INSTRUCTIONS TO FOLLOW. Every record below must be returned word for word, with the pictures left out.
*** INPUT Section Begins ***
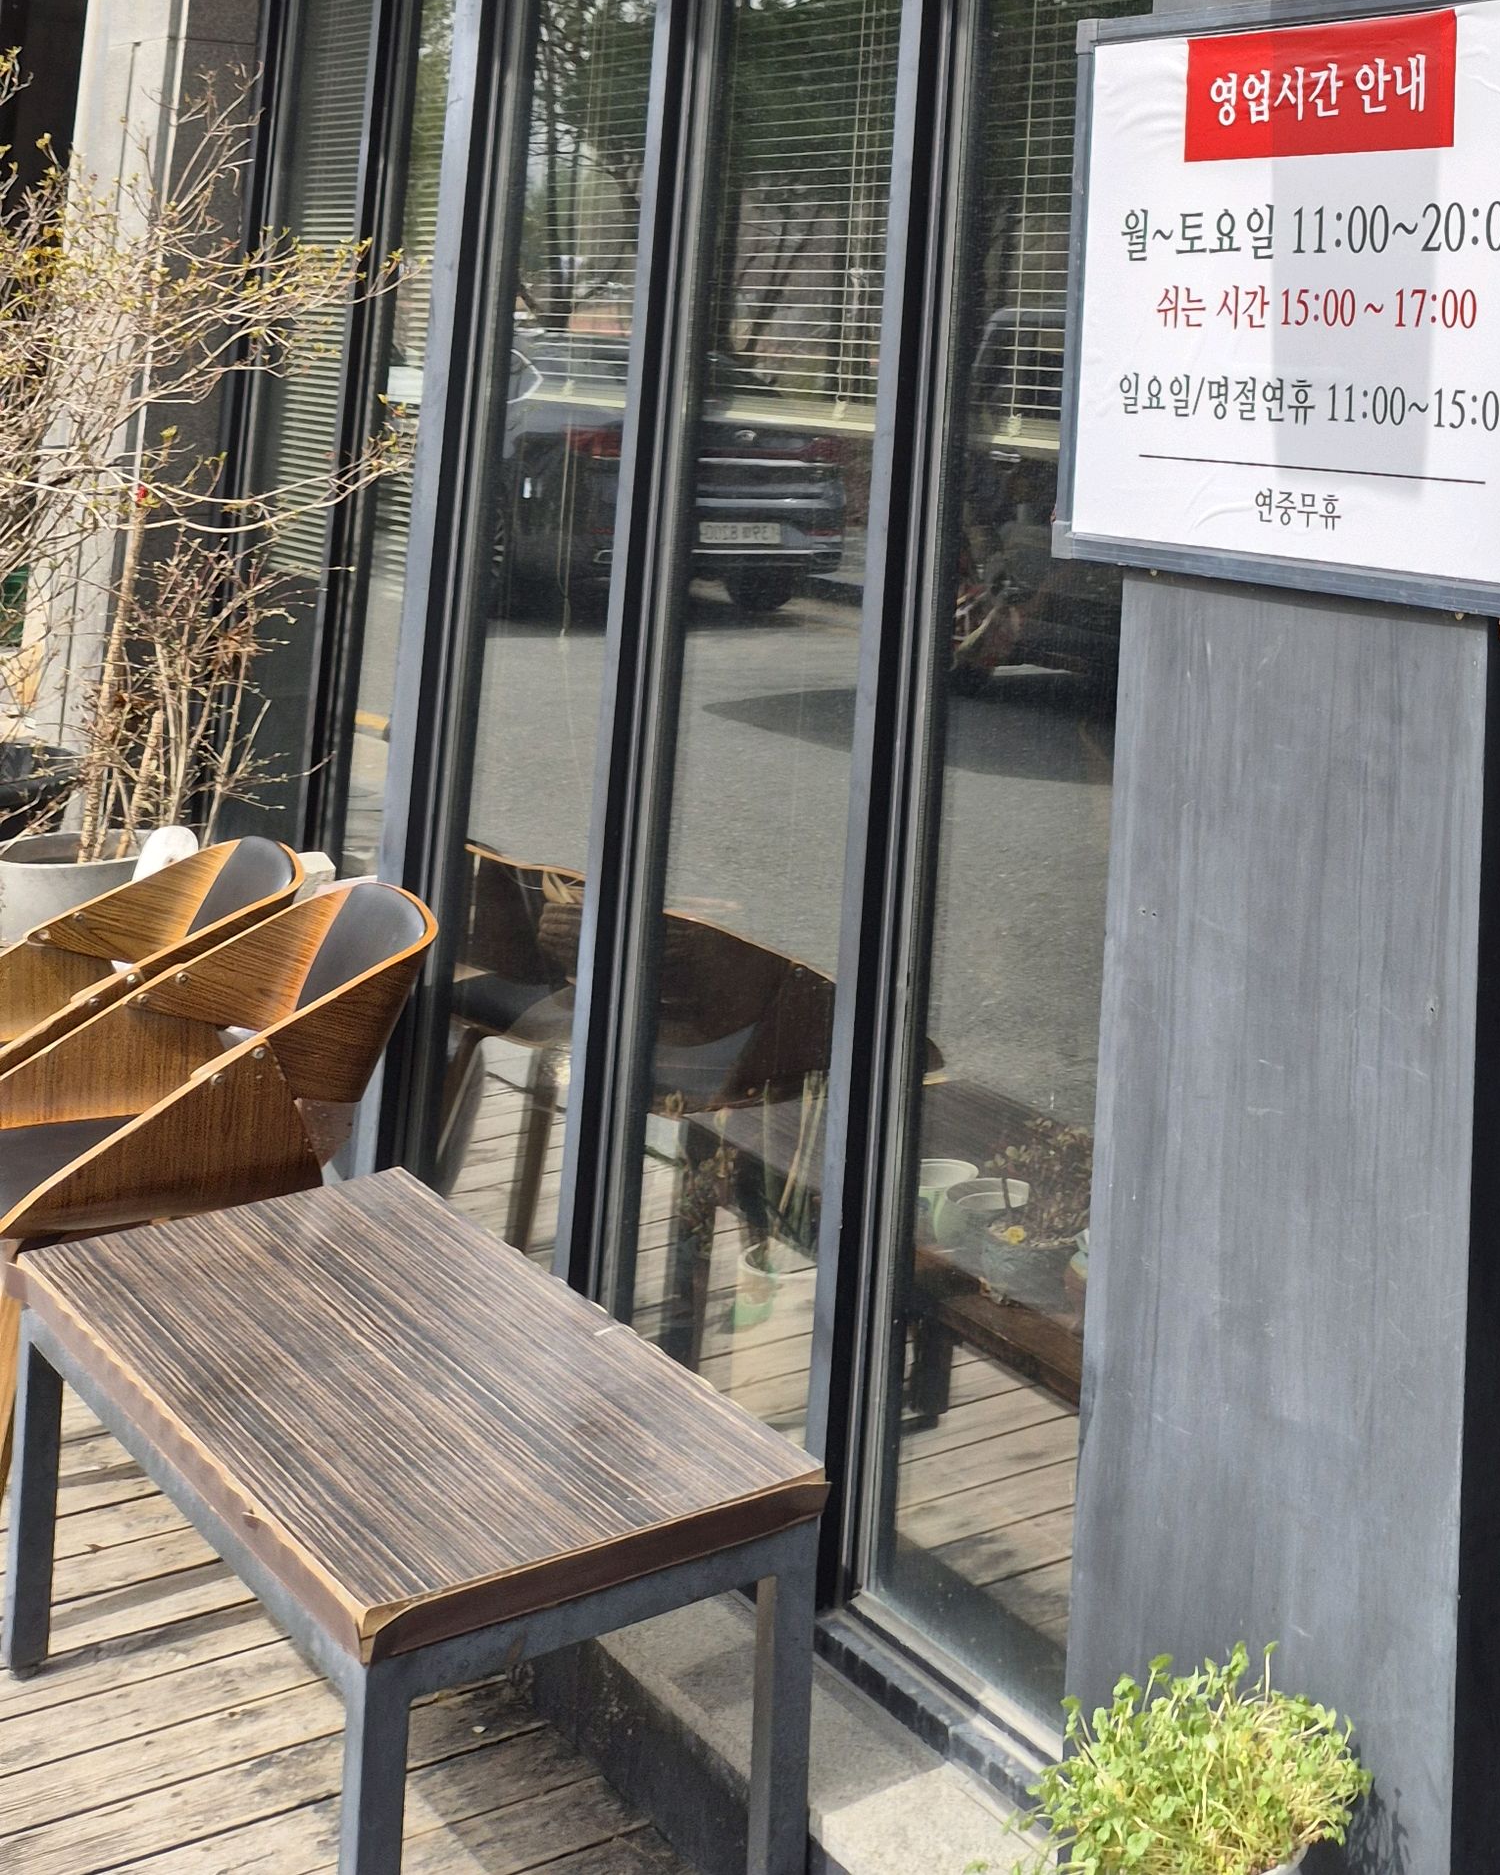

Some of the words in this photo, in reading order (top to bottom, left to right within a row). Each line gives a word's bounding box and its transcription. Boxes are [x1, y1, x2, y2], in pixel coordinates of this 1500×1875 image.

[1209, 61, 1344, 127] 영업시간
[1355, 53, 1427, 116] 안내
[1121, 202, 1276, 264] 월~토요일
[1156, 284, 1207, 330] 쉬는
[1216, 284, 1271, 331] 시간
[1118, 371, 1316, 429] 일요일/명절연휴
[1254, 489, 1342, 531] 연중무휴
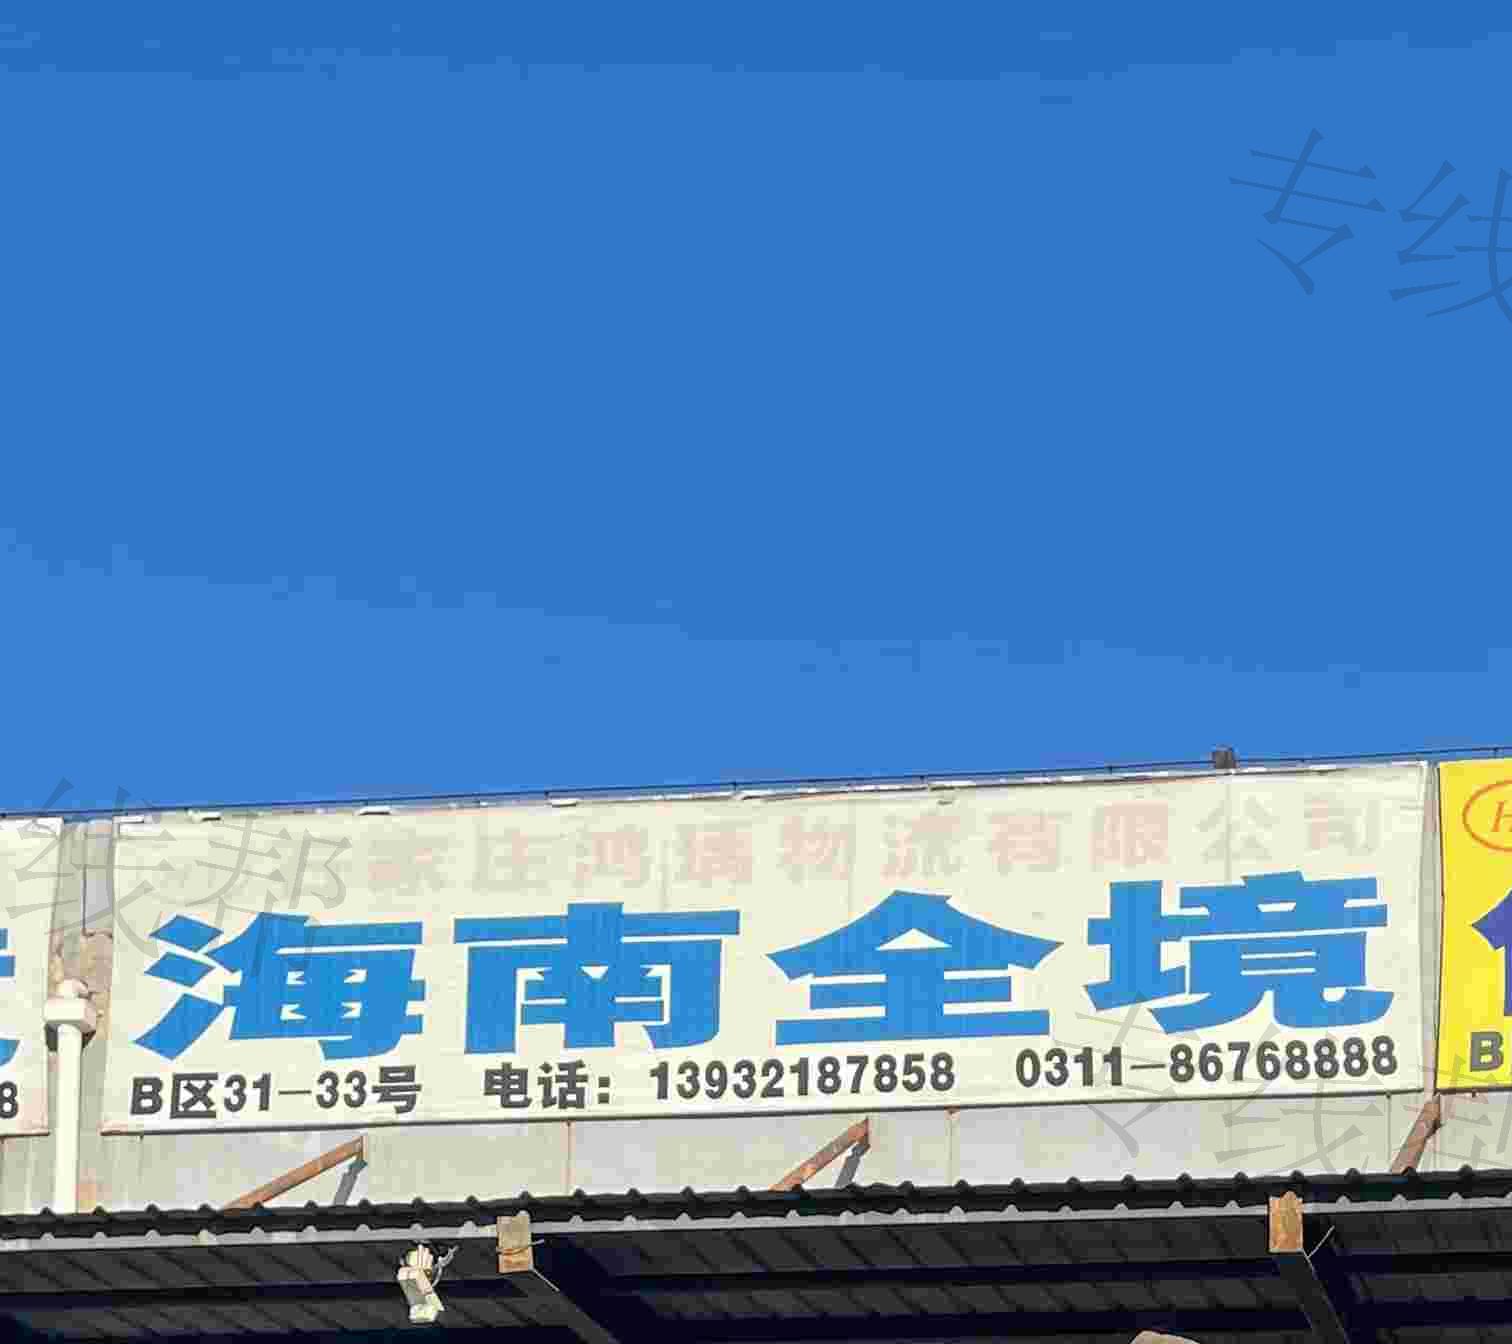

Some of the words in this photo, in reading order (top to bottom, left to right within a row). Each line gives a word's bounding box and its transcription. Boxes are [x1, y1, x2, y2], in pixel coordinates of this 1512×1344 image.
*** INPUT Section Ends ***
EXERCISE ANSWER.
Some of the words in this photo, in reading order (top to bottom, left to right within a row). Each line gives a word's bounding box and its transcription. Boxes are [x1, y1, x2, y2], in pixel coordinates of this 1500×1875 image.

[1209, 61, 1344, 127] 영업시간
[1355, 53, 1427, 116] 안내
[1121, 202, 1276, 264] 월~토요일
[1156, 284, 1207, 330] 쉬는
[1216, 284, 1271, 331] 시간
[1118, 371, 1316, 429] 일요일/명절연휴
[1254, 489, 1342, 531] 연중무휴

Some of the words in this photo, in reading order (top to bottom, left to right within a row). Each line gives a word's bounding box and its transcription. Boxes are [x1, y1, x2, y2], in pixel coordinates of this 1512×1344 image.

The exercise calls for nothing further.